* **TASK REQUIREMENTS**:
Leave out the pictures. Return every record otherwise untouched.

* **DATA TO PROCESS**:
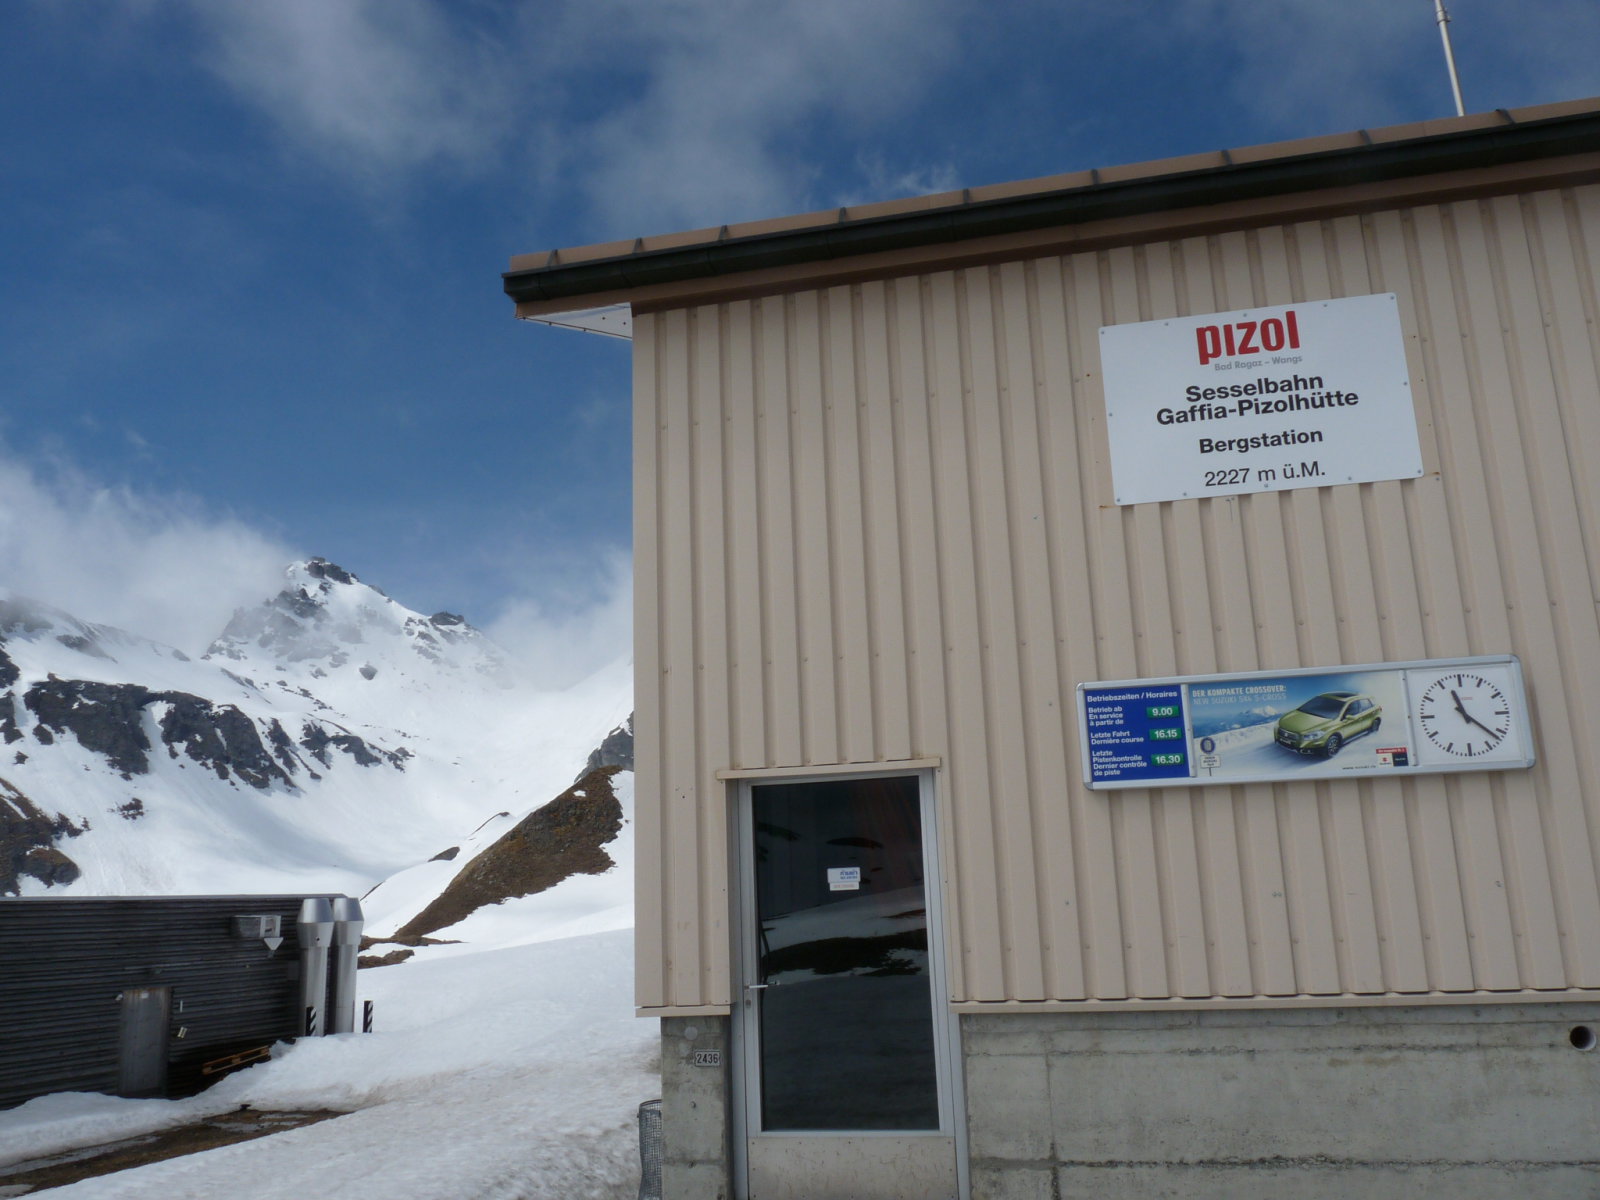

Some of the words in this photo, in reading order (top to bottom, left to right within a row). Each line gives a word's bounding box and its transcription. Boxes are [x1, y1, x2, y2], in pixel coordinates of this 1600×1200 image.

[1214, 362, 1232, 371] Bad
[1235, 360, 1263, 370] Ragaz
[1272, 355, 1303, 366] Wangs
[1186, 374, 1324, 403] Sesselbahn
[1156, 390, 1359, 425] Gaffia-Pizolhütte
[1199, 429, 1323, 454] Bergstation
[1205, 467, 1251, 487] 2227
[1257, 467, 1276, 482] m
[1283, 460, 1326, 479] ü.M.
[1087, 693, 1139, 702] Betriebszeiten
[1146, 691, 1178, 699] Horaires
[1207, 688, 1243, 697] KOMPAKTE
[1088, 706, 1113, 714] Betrieb
[1152, 707, 1173, 716] 9.00
[1095, 719, 1114, 727] partir
[1154, 729, 1178, 739] 16.15
[1092, 755, 1142, 763] Pistenkontrolle
[1155, 755, 1181, 764] 16.30
[1093, 762, 1118, 770] Dernier
[1119, 761, 1147, 769] contrôle
[696, 1053, 719, 1064] 2436
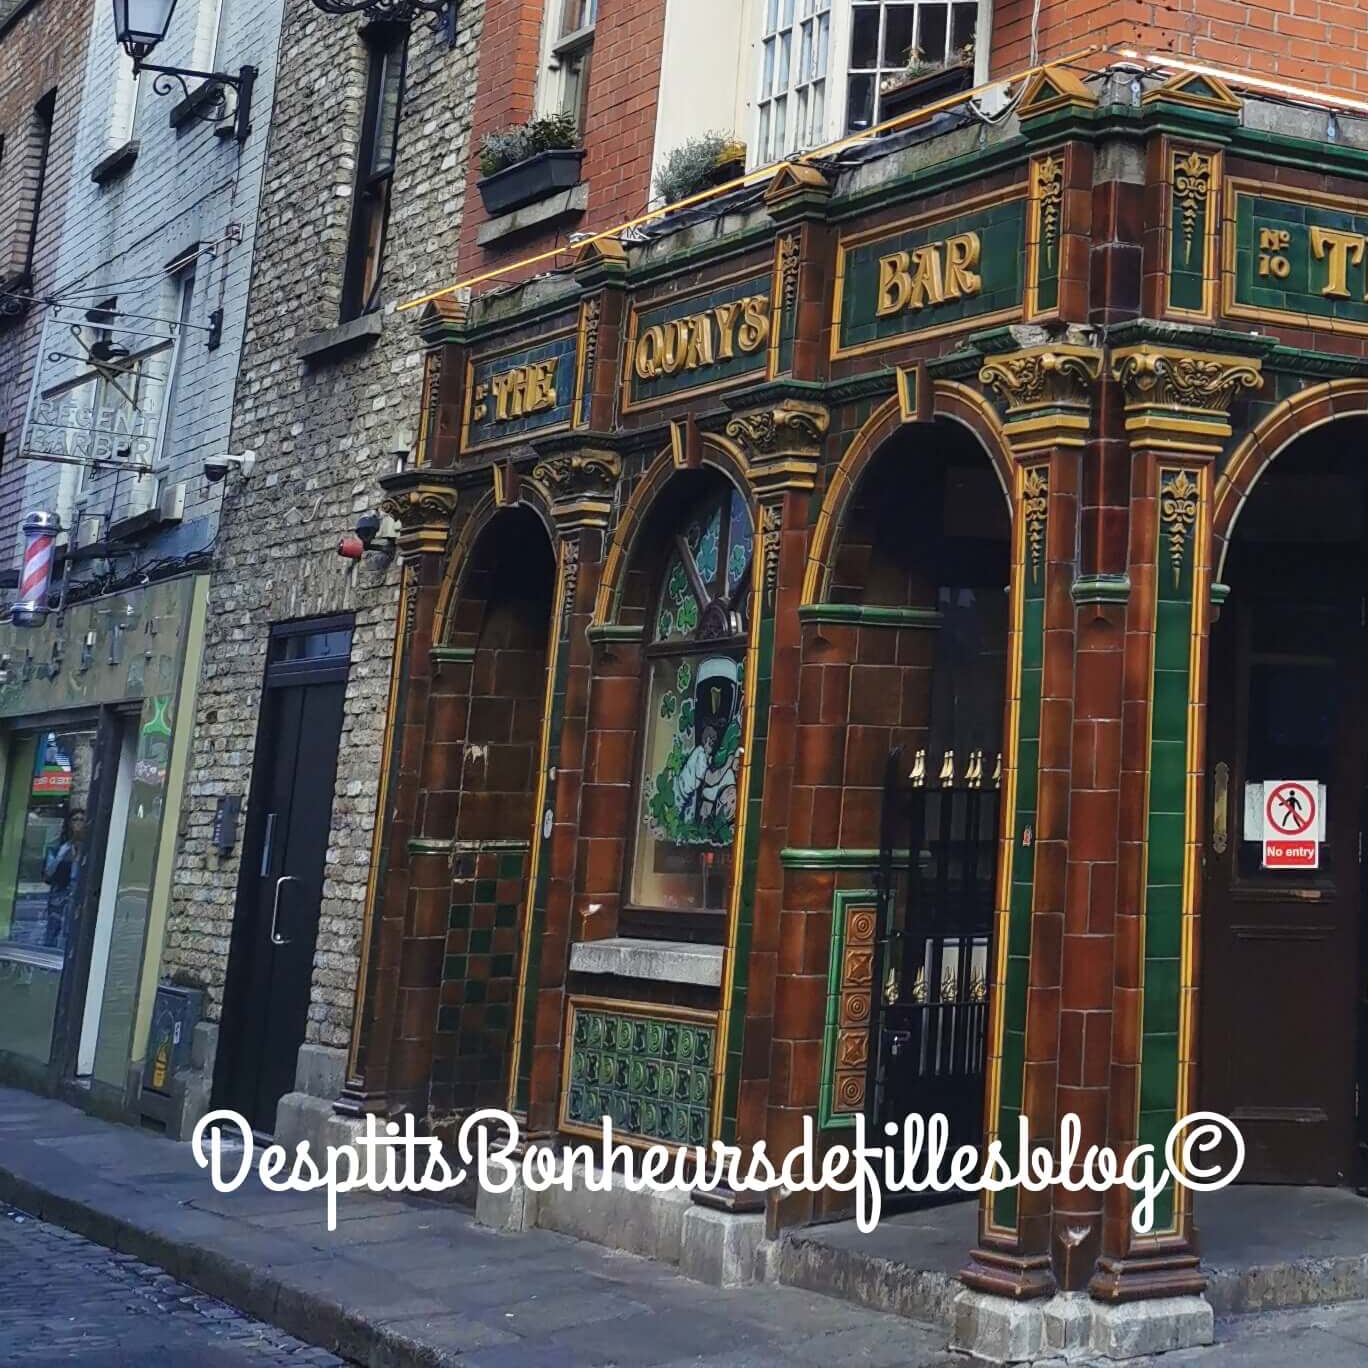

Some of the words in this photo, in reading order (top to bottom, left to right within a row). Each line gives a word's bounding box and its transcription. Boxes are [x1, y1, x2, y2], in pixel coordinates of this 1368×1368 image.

[1259, 254, 1290, 278] 10
[492, 356, 558, 421] THE
[875, 231, 982, 317] BAR
[1267, 846, 1283, 857] No
[1285, 846, 1315, 860] entry
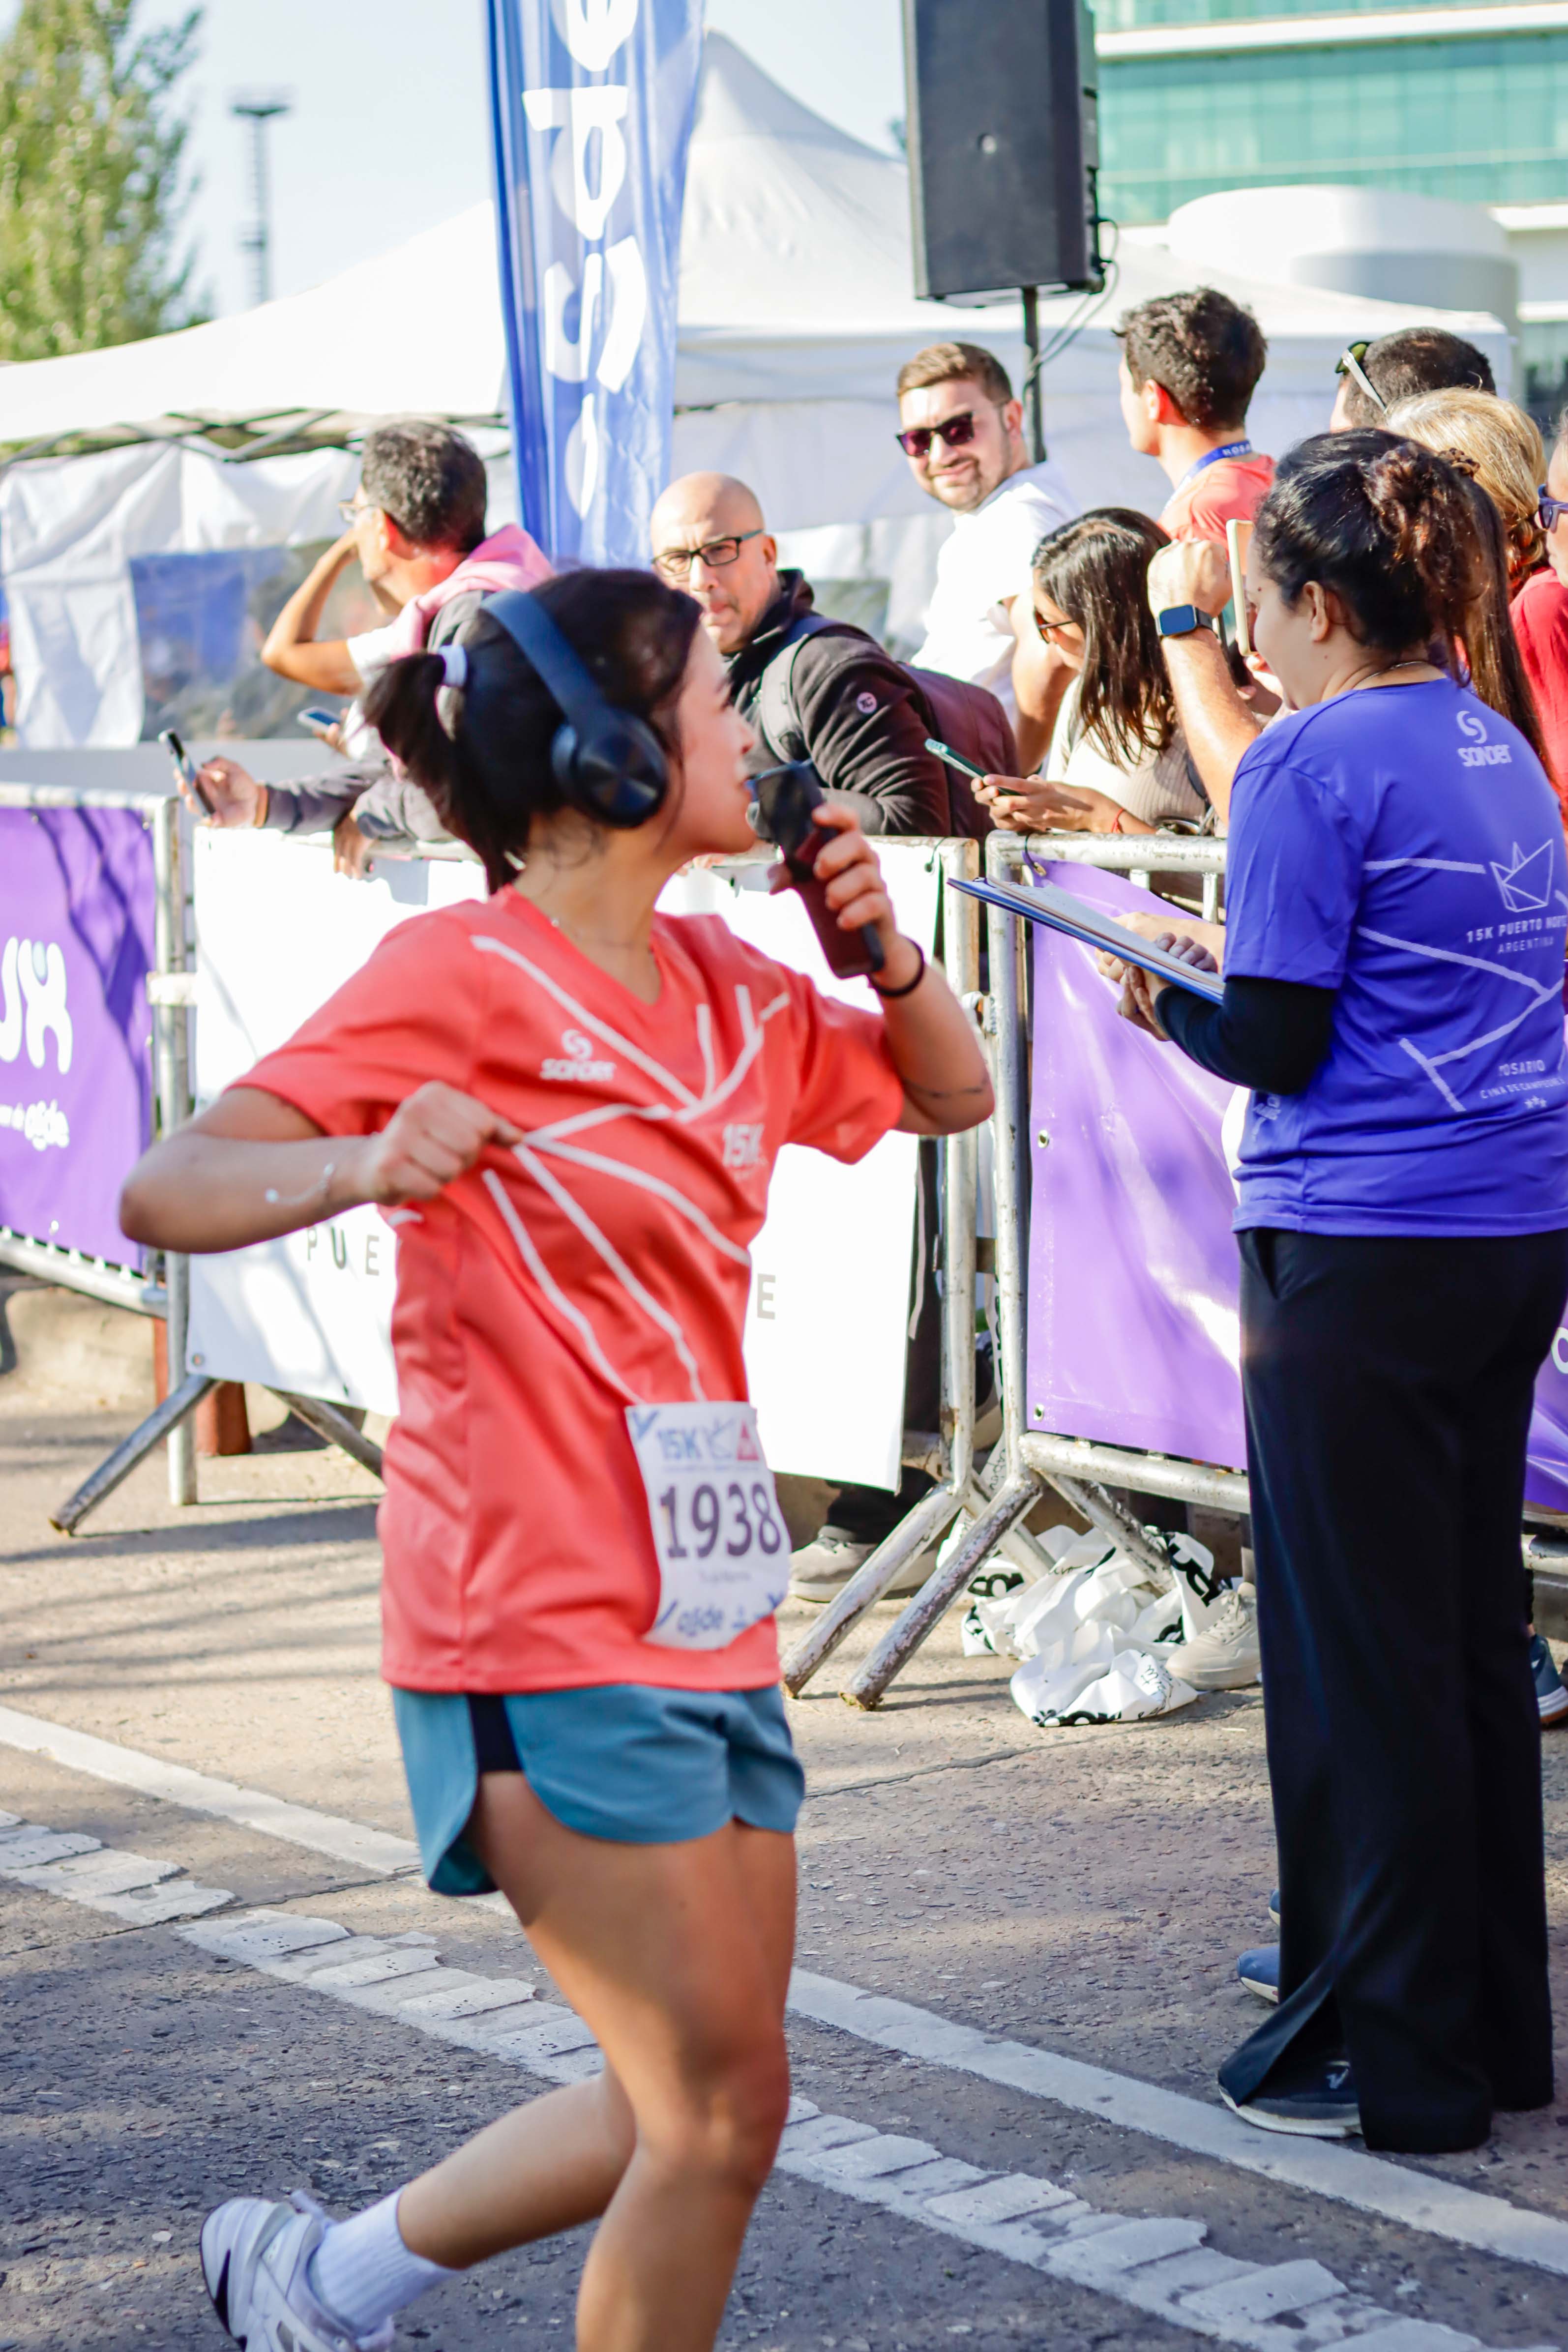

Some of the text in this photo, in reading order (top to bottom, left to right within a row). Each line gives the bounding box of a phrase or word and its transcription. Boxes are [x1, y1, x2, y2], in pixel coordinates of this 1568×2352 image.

[1466, 926, 1494, 943] 15K
[1498, 918, 1543, 937] PUERTO
[660, 1483, 781, 1558] 1938

* **WRITTEN RESPONSE**:
Some of the words in this photo, in reading order (top to bottom, left to right within a row). Each line gives a word's bounding box and its transcription. Boxes are [x1, y1, x2, y2], in pixel coordinates of this 1600×1200 image.

[1214, 362, 1232, 371] Bad
[1235, 360, 1263, 370] Ragaz
[1272, 355, 1303, 366] Wangs
[1186, 374, 1324, 403] Sesselbahn
[1156, 390, 1359, 425] Gaffia-Pizolhütte
[1199, 429, 1323, 454] Bergstation
[1205, 467, 1251, 487] 2227
[1257, 467, 1276, 482] m
[1283, 460, 1326, 479] ü.M.
[1087, 693, 1139, 702] Betriebszeiten
[1146, 691, 1178, 699] Horaires
[1207, 688, 1243, 697] KOMPAKTE
[1088, 706, 1113, 714] Betrieb
[1152, 707, 1173, 716] 9.00
[1095, 719, 1114, 727] partir
[1154, 729, 1178, 739] 16.15
[1092, 755, 1142, 763] Pistenkontrolle
[1155, 755, 1181, 764] 16.30
[1093, 762, 1118, 770] Dernier
[1119, 761, 1147, 769] contrôle
[696, 1053, 719, 1064] 2436

Some of the words in this photo, in reading order (top to bottom, left to right within a row). Each line gives a word's bounding box and its transcription. Boxes are [x1, y1, x2, y2], in pixel coordinates of this 1368×1368 image.

[1259, 254, 1290, 278] 10
[492, 356, 558, 421] THE
[875, 231, 982, 317] BAR
[1267, 846, 1283, 857] No
[1285, 846, 1315, 860] entry

Some of the text in this photo, in reading order (top to bottom, left to right within a row). Each line gives the bounding box of a phrase or word and its transcription. Boxes are [x1, y1, x2, y2], in pixel coordinates of this 1568×2352 image.

[1466, 926, 1494, 943] 15K
[1498, 918, 1543, 937] PUERTO
[660, 1483, 781, 1558] 1938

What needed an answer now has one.